Q: What's the typical success rate? A: Usually 0.1% - 2%, but with millions of credentials, that's still thousands of successful logins
Q: What's the difference from password spraying? A: Password spraying guesses common passwords; credential stuffing uses known real username/password pairs from breaches
Q: What's the best defense? A: Multi-factor authentication - even if they have your password, they can't get in without the second factor
Q: Where do attackers get the credential databases? A: Public breach collections, underground forums, dark web markets, and leaked database dumps
Q: What services are most commonly targeted? A: High-value targets like email (O365, Gmail), cloud services (AWS, Azure), banking, and social media
Conclusion
Credential stuffing represents the dark side of our interconnected digital lives. It's a stark reminder that a breach at one service can compromise users across the entire internet. The attack is simple in concept but devastating in practice - why try to guess passwords when you can just use real ones?
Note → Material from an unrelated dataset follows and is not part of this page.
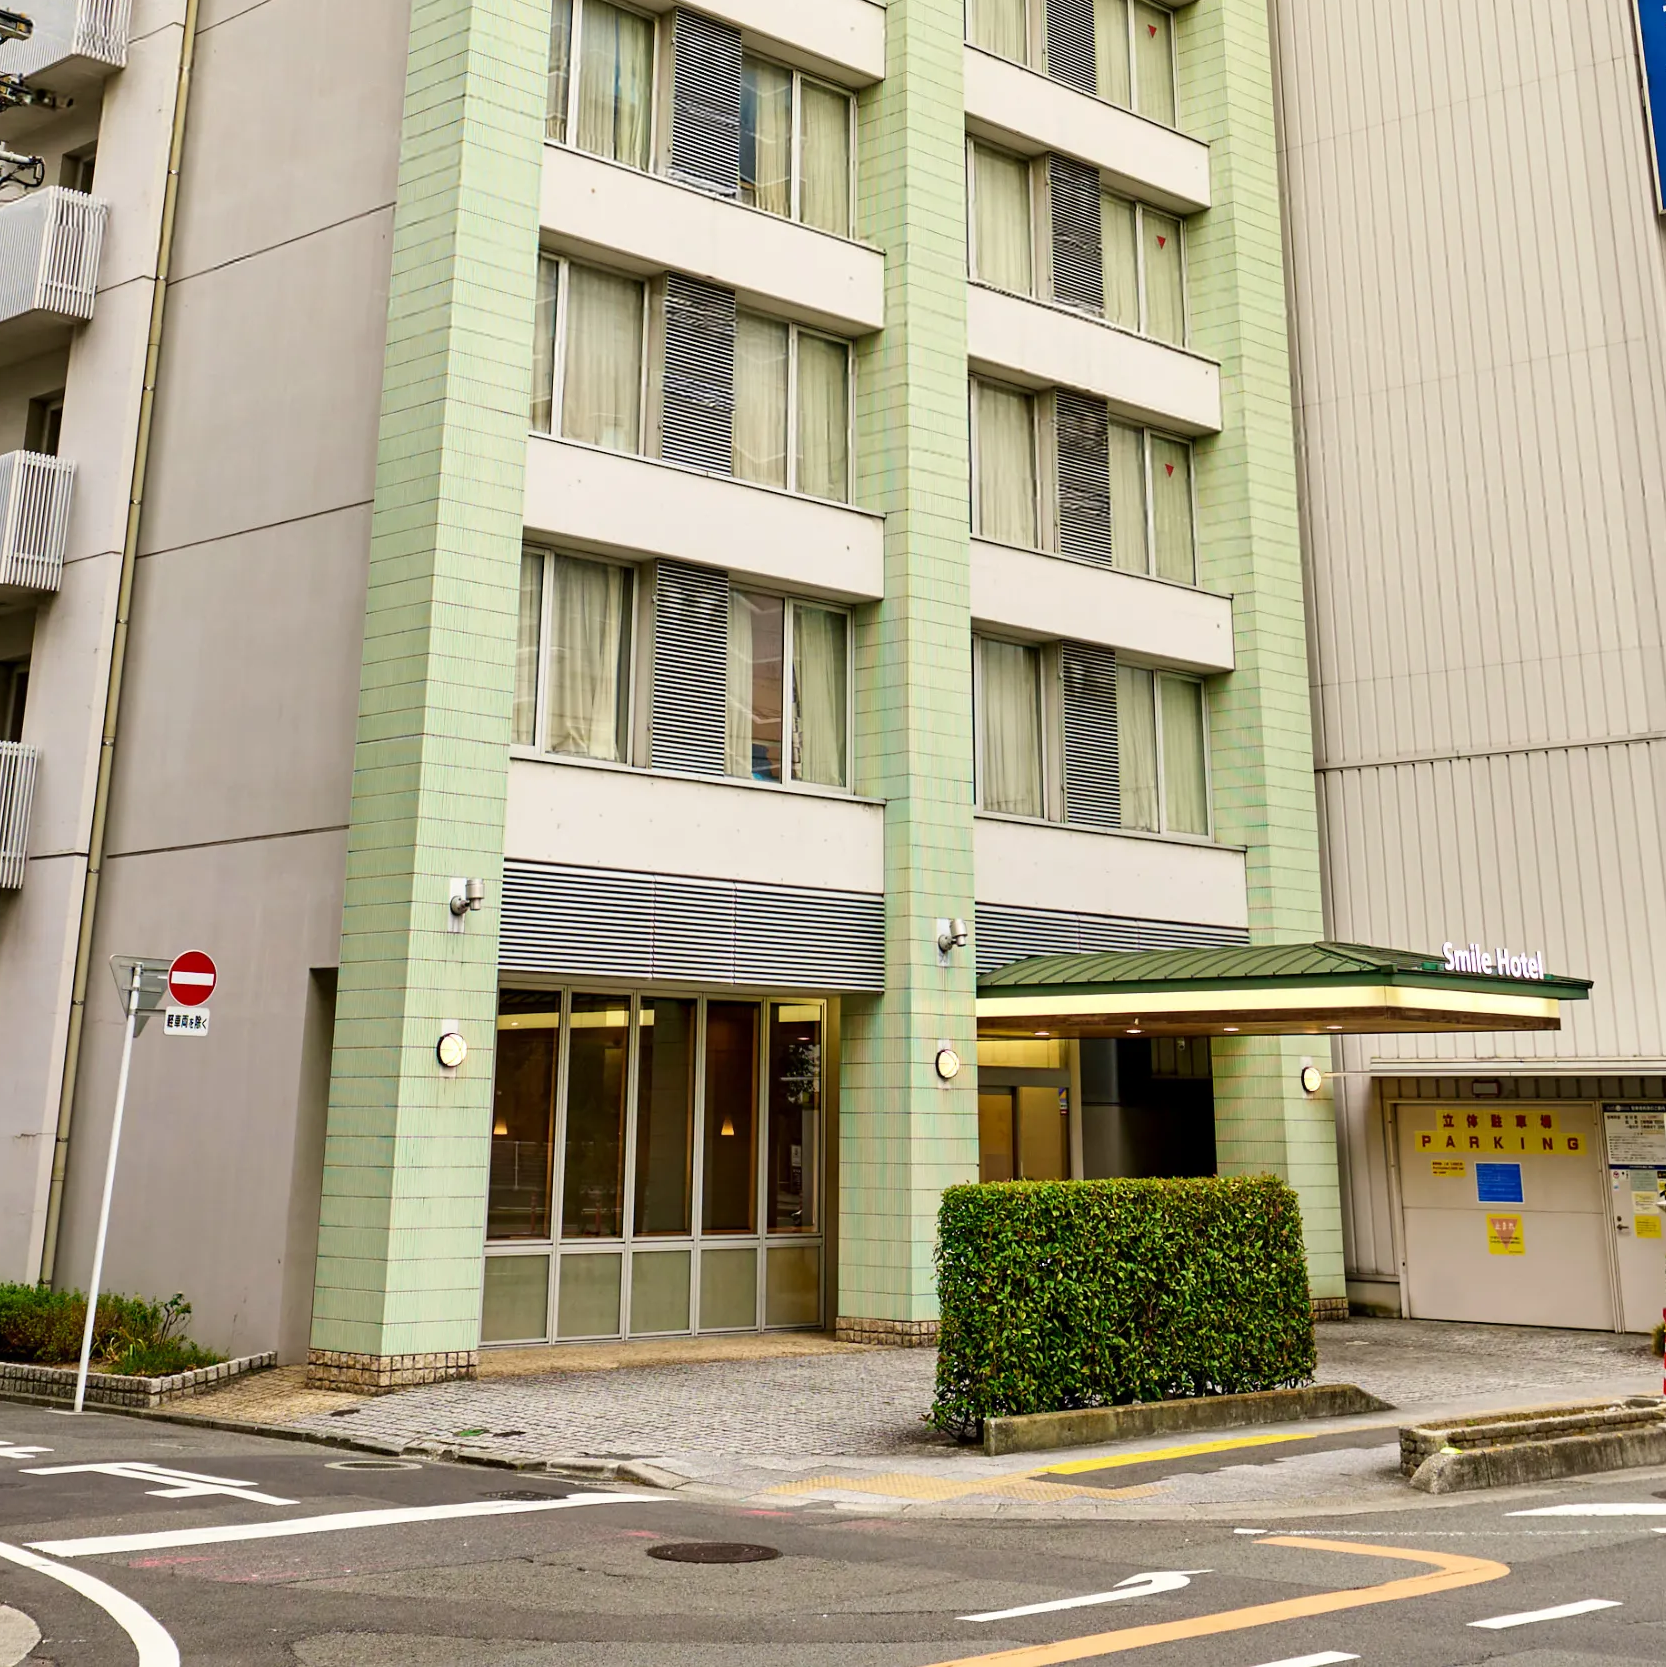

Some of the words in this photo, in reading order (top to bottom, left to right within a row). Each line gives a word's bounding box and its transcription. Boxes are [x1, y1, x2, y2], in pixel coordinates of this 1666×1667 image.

For pentesters and red teamers, understanding credential stuffing is crucial not just for offensive operations, but for helping clients understand the real-world impact of poor password hygiene. Sometimes the best way to demonstrate the importance of unique passwords and MFA is to show just how easily reused credentials can be exploited.
Remember: with great power comes great responsibility. Use this knowledge to make the digital world more secure, not less!